What you have to do: What you return must be the full listing, word for word, with no images in it.
*** Data records Section Begins ***
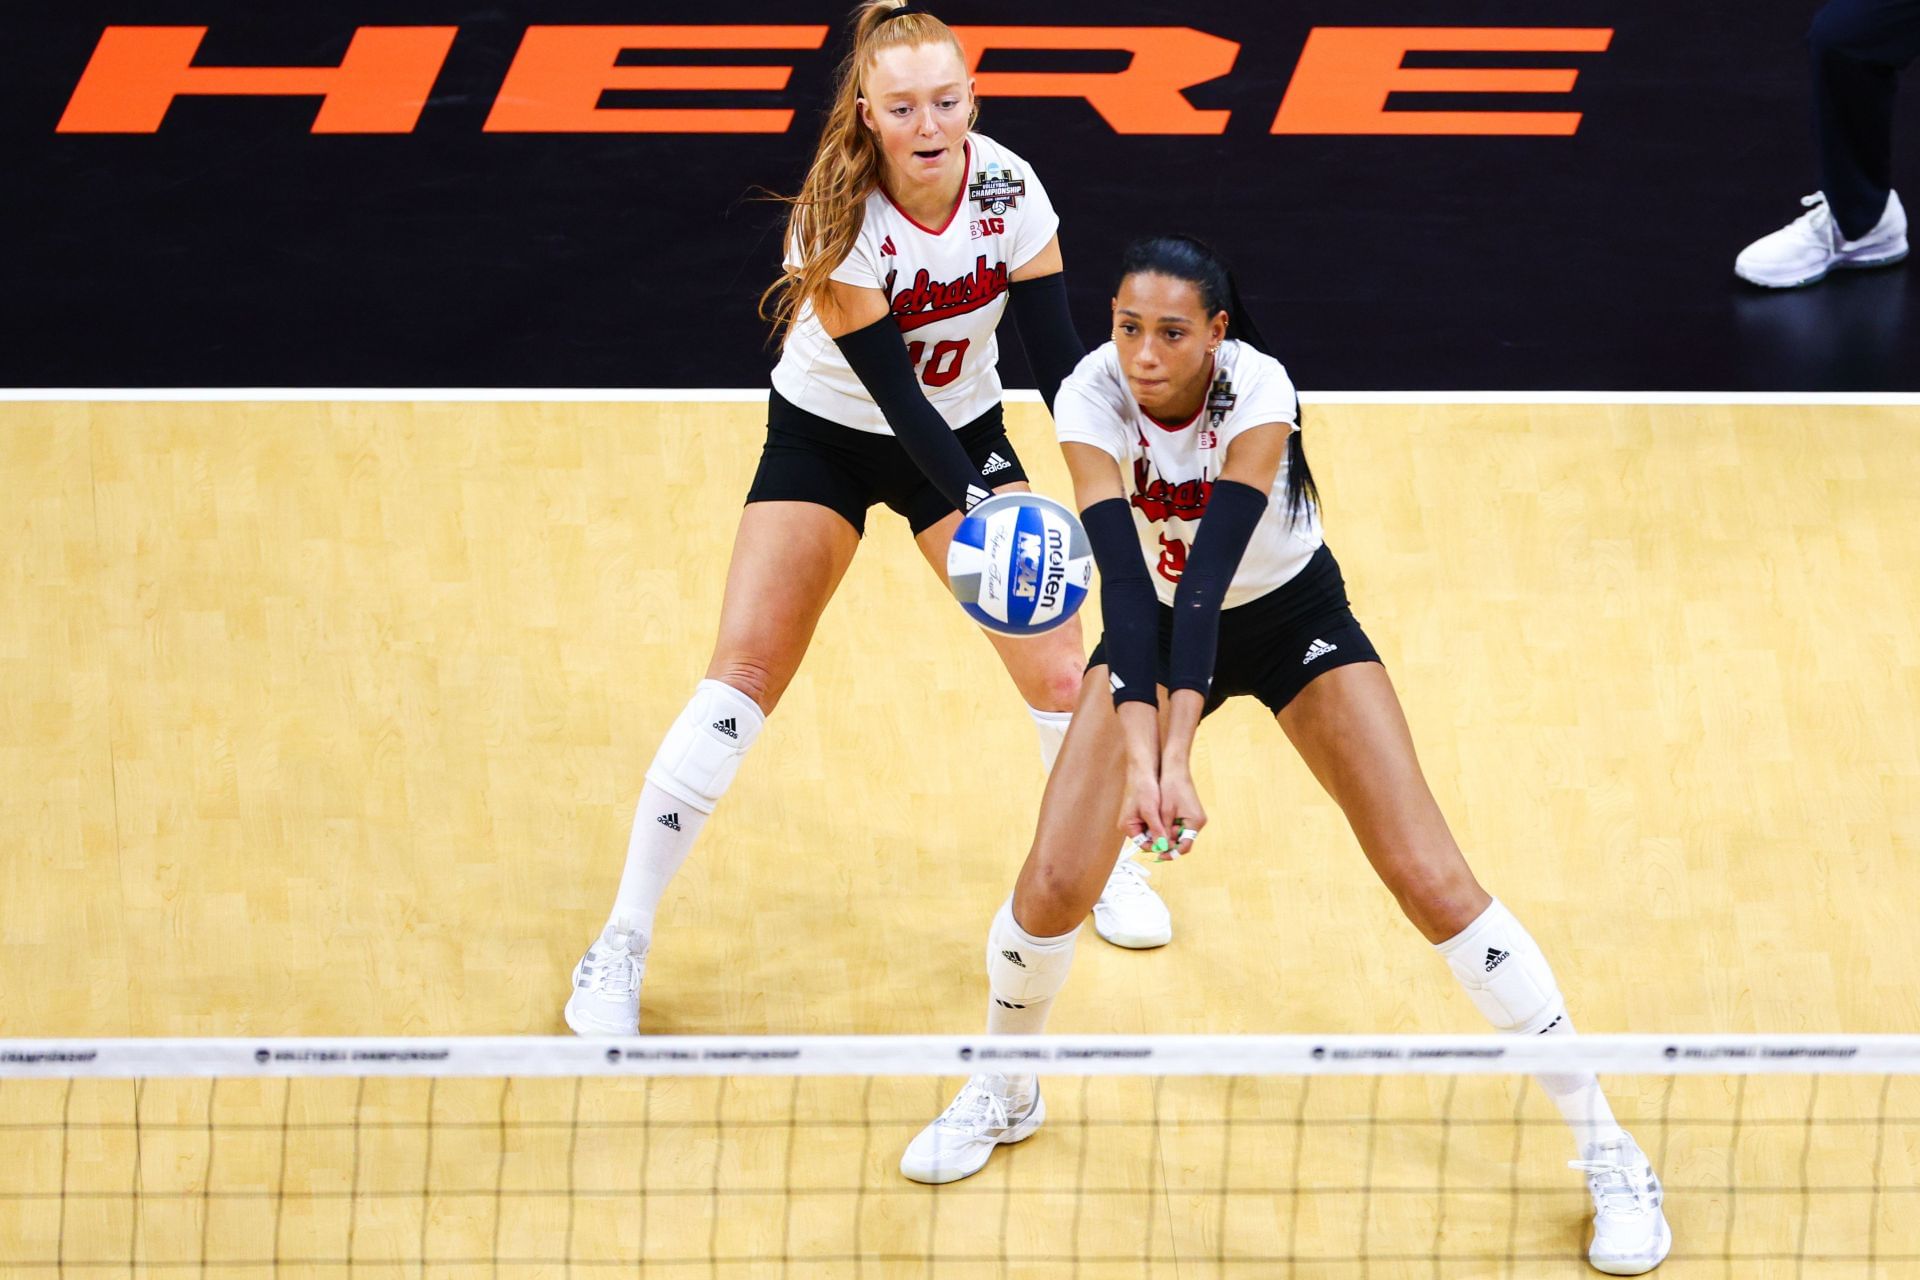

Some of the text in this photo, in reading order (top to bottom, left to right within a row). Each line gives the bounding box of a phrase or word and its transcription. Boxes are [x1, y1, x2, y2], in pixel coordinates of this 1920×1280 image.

[55, 26, 1614, 134] HERE
[971, 186, 1022, 198] CHAMPIONSHIP
[981, 460, 1012, 476] adidas
[1014, 530, 1042, 602] NCAA
[1041, 528, 1066, 608] molten
[712, 722, 739, 740] adidas
[656, 816, 681, 832] adidas
[1485, 950, 1511, 973] adidas
*** Data records Section Ends ***
Output for this exercise:
Some of the text in this photo, in reading order (top to bottom, left to right within a row). Each line gives the bounding box of a phrase or word and its transcription. Boxes are [x1, y1, x2, y2], in pixel coordinates of this 1920×1280 image.

[55, 26, 1614, 134] HERE
[971, 186, 1022, 198] CHAMPIONSHIP
[981, 460, 1012, 476] adidas
[1014, 530, 1042, 602] NCAA
[1041, 528, 1066, 608] molten
[712, 722, 739, 740] adidas
[656, 816, 681, 832] adidas
[1485, 950, 1511, 973] adidas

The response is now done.